WHAT YOU WILL DO:
Could all of the entries be written out exactly, with any pictures omitted?

··· RECORDS SUPPLIED ···

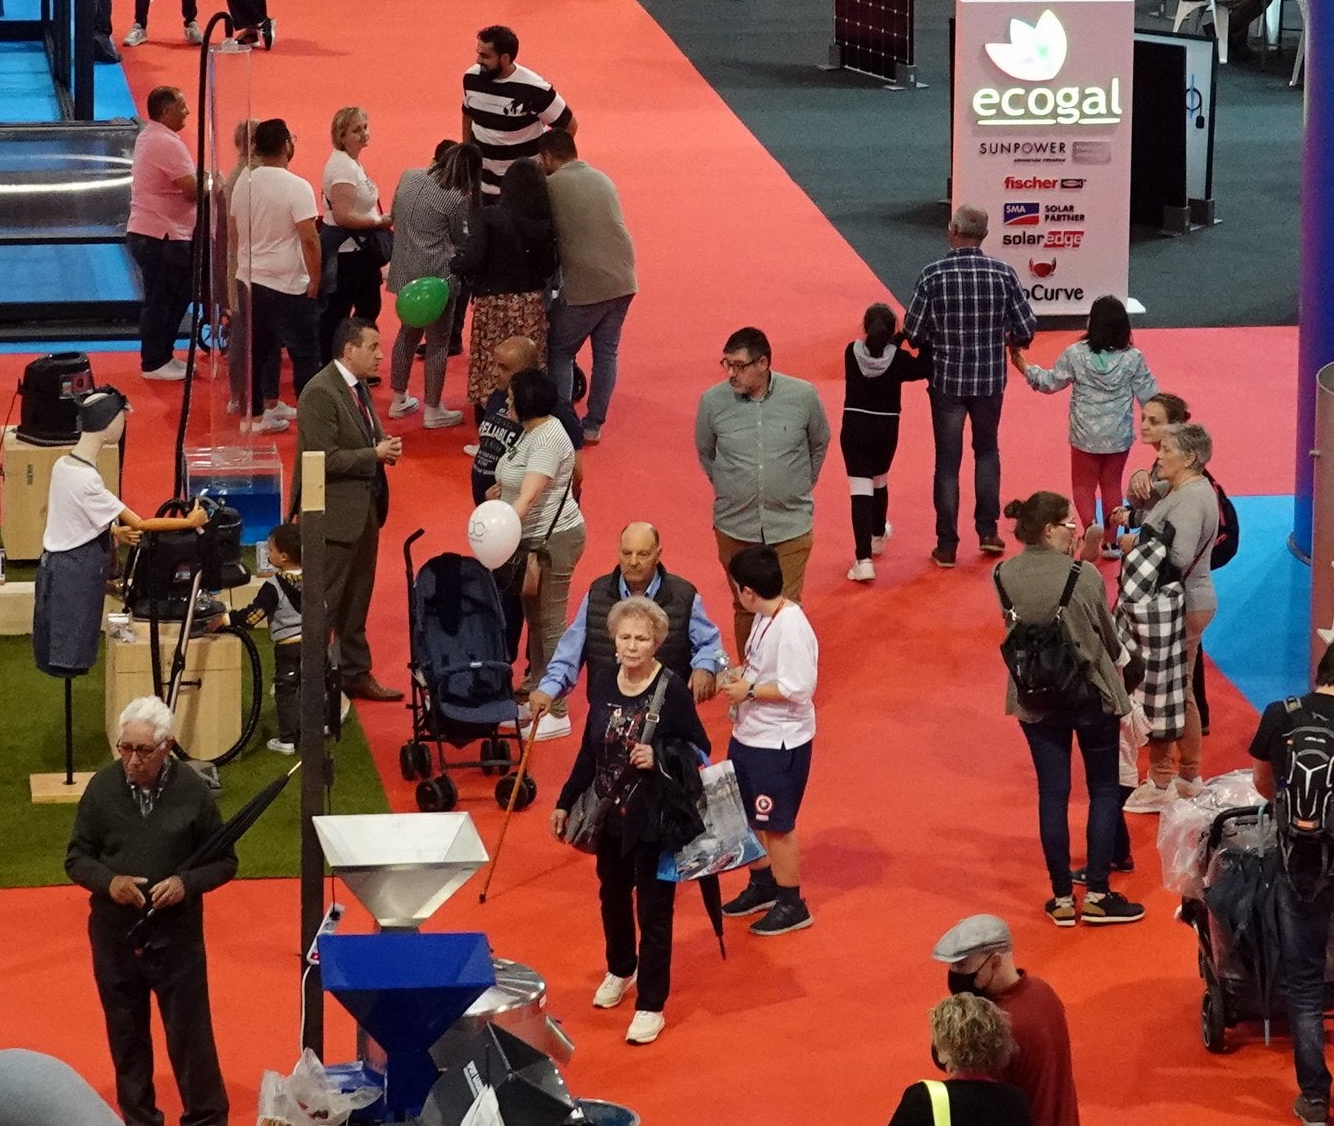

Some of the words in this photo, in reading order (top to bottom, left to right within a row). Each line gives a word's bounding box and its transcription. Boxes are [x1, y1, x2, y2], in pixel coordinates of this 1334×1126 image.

[972, 77, 1123, 125] ecogal
[979, 141, 1067, 156] SUNPOWER
[1004, 176, 1058, 190] fischer
[1005, 204, 1027, 214] SMA
[1044, 204, 1075, 214] SOLAR
[1044, 214, 1085, 223] PARTNER
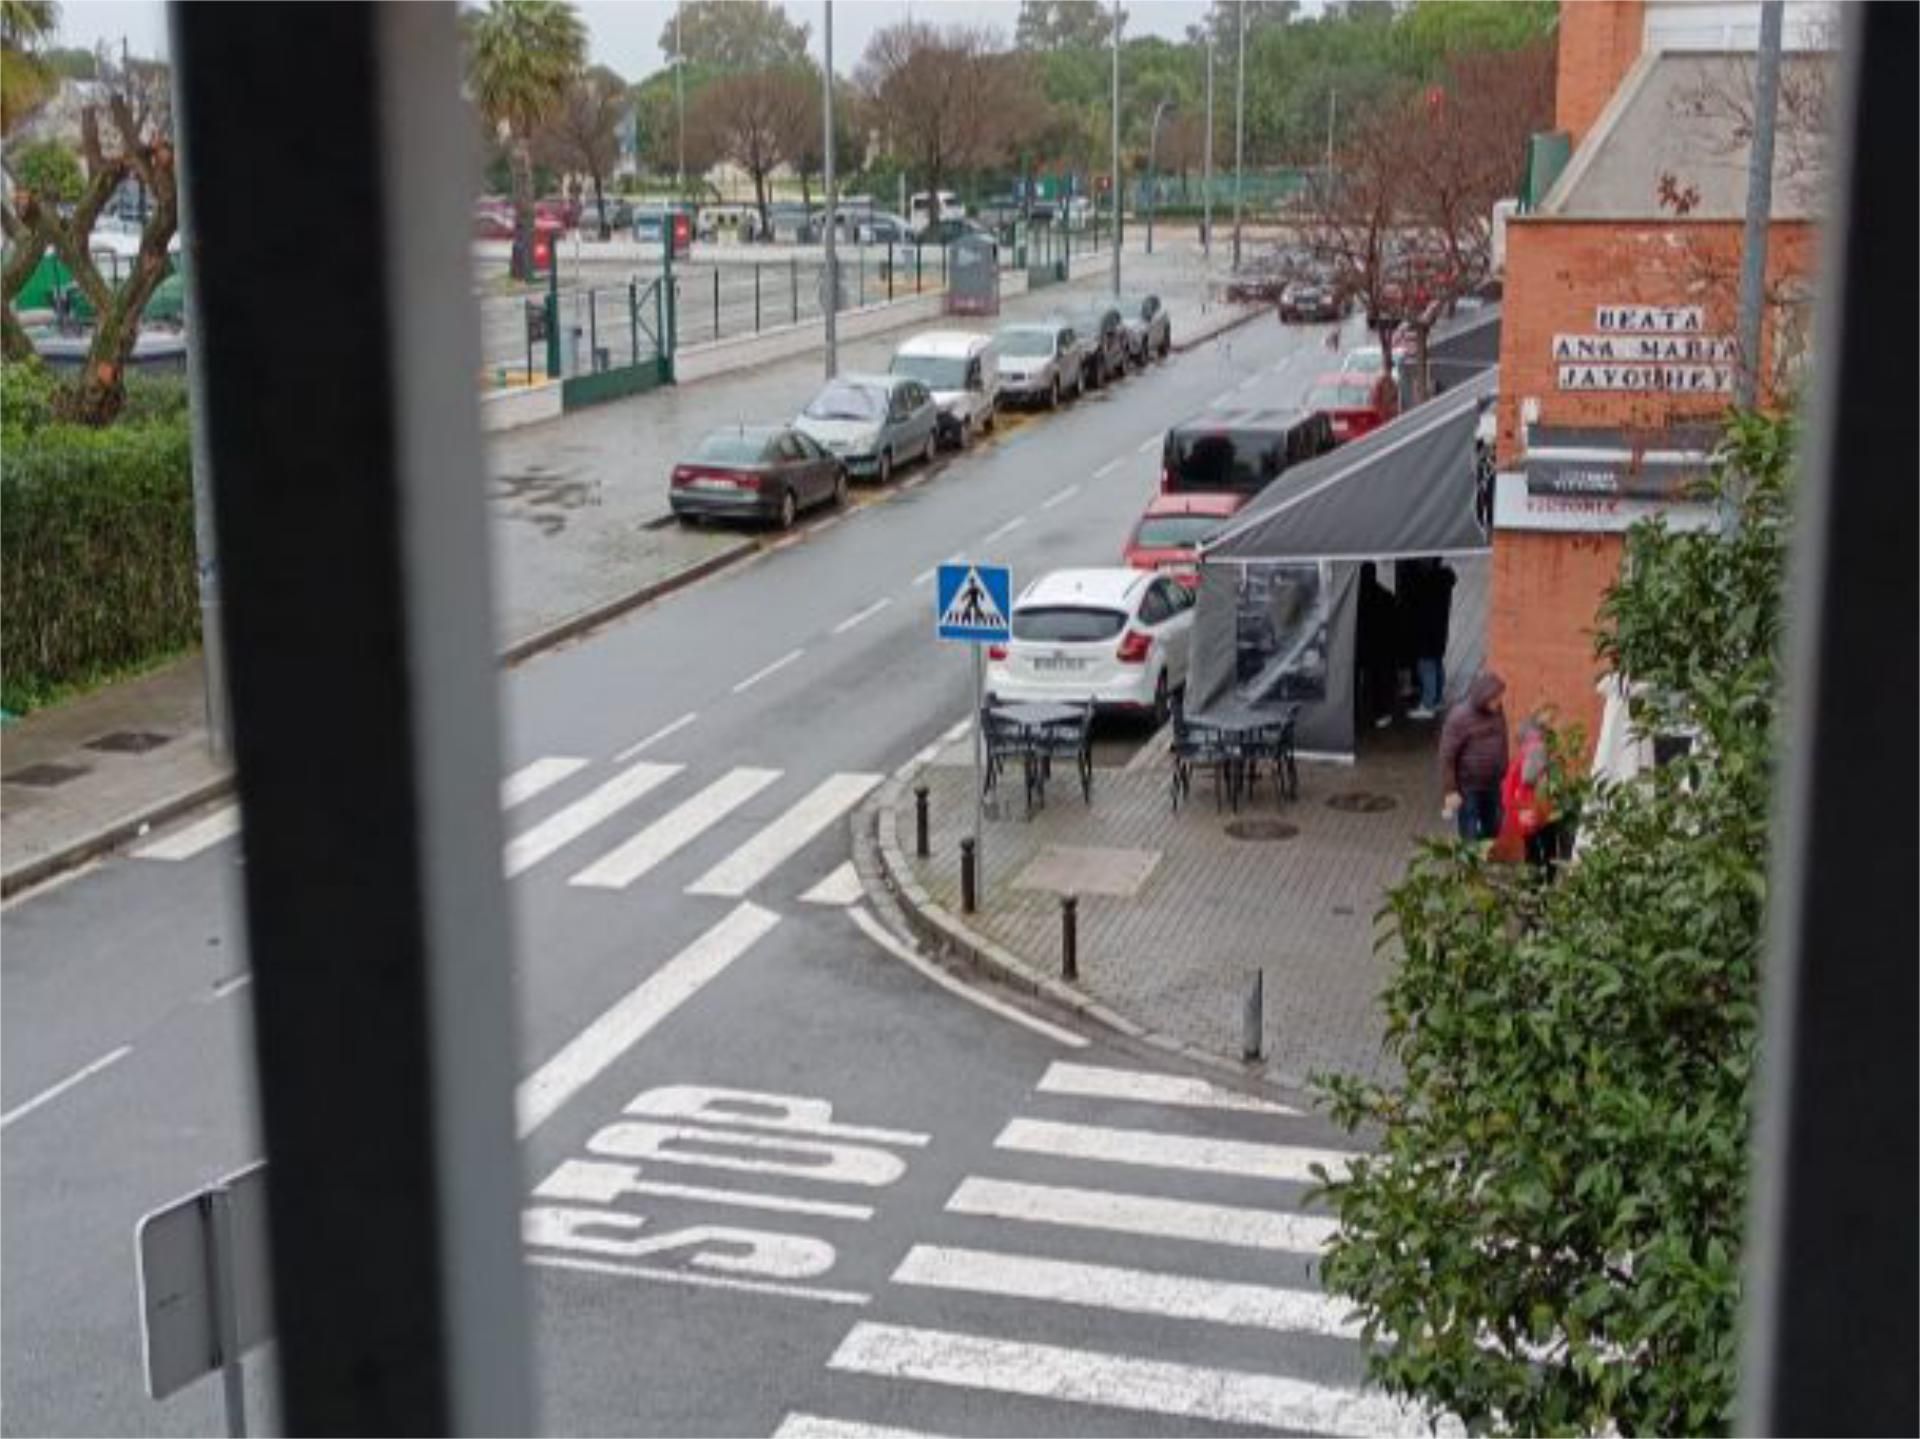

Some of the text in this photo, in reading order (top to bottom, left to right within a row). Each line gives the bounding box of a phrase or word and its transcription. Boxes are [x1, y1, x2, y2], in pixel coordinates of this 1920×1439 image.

[1599, 310, 1700, 329] BEATA
[1557, 338, 1614, 357] ANA
[522, 1083, 933, 1278] STOP
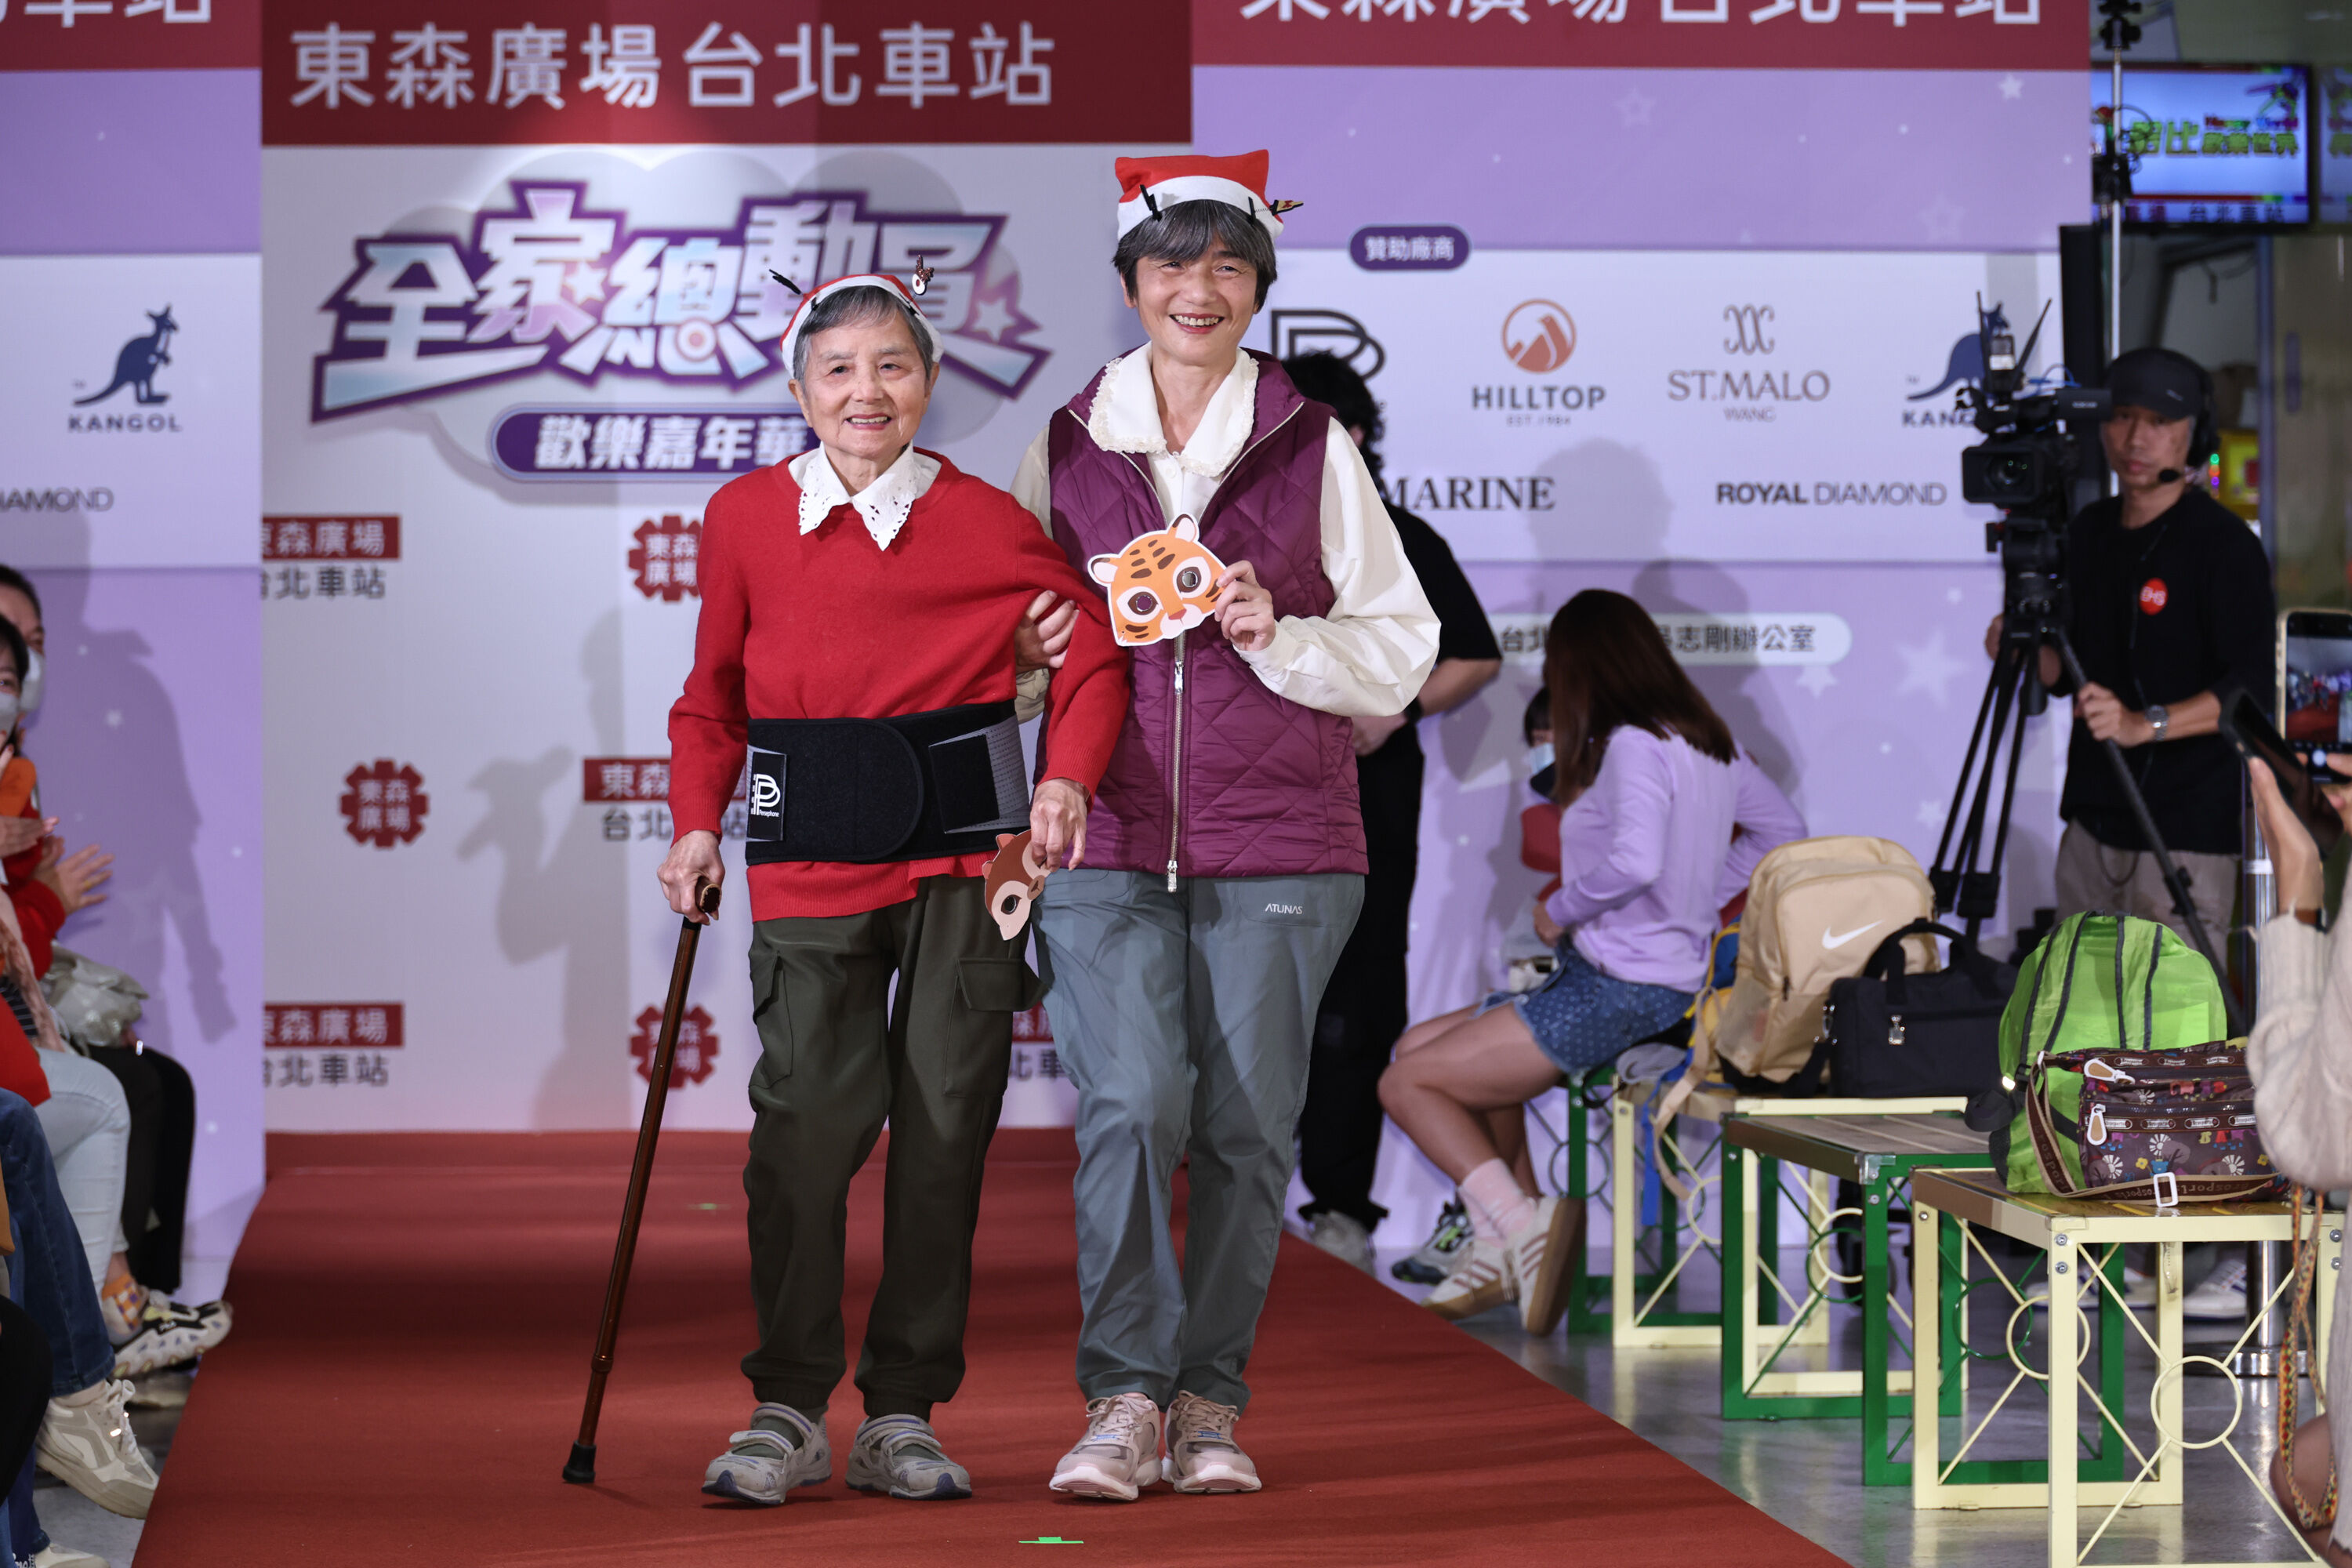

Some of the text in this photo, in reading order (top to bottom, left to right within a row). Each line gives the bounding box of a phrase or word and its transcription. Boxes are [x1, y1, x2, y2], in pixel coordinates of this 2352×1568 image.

···

ANSWER SECTION:
Some of the words in this photo, in reading order (top to bottom, left to right within a row). Each line gives a word's bounding box and its transcription. Boxes are [x1, y1, x2, y2], in pixel coordinates of this 1334×1126 image.

[972, 77, 1123, 125] ecogal
[979, 141, 1067, 156] SUNPOWER
[1004, 176, 1058, 190] fischer
[1005, 204, 1027, 214] SMA
[1044, 204, 1075, 214] SOLAR
[1044, 214, 1085, 223] PARTNER

Some of the text in this photo, in reading order (top to bottom, left to right within a row). Each line gives the bounding box of a phrase or word and its transcription. Boxes are [x1, y1, x2, y2], in pixel coordinates of this 1920×1439 image.

[1599, 310, 1700, 329] BEATA
[1557, 338, 1614, 357] ANA
[522, 1083, 933, 1278] STOP

Some of the text in this photo, in reading order (top to bottom, left to right within a row). Each line gives the bounding box of a phrase or word and its transcription. Boxes are [x1, y1, x2, y2], in pixel coordinates of this 2352×1568 image.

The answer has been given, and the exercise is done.